Set down, word for word, the stretch of lines from the one containing "this 1920×1280 image." to the end of the records below.

**SUPPLIED DATA:**
--------
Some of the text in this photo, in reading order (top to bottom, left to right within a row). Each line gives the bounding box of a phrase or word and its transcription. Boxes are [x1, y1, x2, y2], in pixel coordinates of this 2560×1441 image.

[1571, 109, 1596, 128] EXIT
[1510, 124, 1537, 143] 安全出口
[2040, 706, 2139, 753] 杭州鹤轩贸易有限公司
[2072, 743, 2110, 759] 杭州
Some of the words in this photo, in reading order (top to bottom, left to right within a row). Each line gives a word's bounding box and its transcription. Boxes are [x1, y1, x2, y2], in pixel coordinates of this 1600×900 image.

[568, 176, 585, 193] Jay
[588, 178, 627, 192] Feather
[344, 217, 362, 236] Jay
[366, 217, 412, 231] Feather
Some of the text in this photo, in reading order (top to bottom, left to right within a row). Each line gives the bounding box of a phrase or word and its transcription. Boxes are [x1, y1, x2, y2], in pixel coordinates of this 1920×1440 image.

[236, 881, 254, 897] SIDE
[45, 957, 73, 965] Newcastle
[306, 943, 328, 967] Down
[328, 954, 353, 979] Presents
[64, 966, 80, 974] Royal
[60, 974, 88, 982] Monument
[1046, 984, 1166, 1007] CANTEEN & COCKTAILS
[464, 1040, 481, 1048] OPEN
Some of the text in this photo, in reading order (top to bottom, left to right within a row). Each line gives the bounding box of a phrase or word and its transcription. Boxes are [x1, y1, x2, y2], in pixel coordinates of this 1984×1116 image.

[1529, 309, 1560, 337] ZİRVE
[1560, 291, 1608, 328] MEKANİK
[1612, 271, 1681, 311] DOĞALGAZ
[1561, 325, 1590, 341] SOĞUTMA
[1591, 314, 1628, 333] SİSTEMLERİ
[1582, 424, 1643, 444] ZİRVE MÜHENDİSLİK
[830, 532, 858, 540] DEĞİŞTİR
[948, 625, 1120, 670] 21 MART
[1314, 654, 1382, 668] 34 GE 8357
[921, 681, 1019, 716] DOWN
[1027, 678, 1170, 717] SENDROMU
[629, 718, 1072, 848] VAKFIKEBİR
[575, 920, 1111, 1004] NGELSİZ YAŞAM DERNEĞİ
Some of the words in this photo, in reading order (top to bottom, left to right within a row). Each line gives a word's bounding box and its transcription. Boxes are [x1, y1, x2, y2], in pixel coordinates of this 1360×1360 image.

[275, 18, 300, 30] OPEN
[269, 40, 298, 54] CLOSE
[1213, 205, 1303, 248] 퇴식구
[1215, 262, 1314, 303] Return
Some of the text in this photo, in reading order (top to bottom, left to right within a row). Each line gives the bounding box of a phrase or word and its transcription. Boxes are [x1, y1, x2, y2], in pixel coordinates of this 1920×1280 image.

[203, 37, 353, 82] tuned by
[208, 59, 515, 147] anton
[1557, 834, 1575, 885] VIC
--------
**OUTPUT:**
Some of the text in this photo, in reading order (top to bottom, left to right within a row). Each line gives the bounding box of a phrase or word and its transcription. Boxes are [x1, y1, x2, y2], in pixel coordinates of this 1920×1280 image.

[203, 37, 353, 82] tuned by
[208, 59, 515, 147] anton
[1557, 834, 1575, 885] VIC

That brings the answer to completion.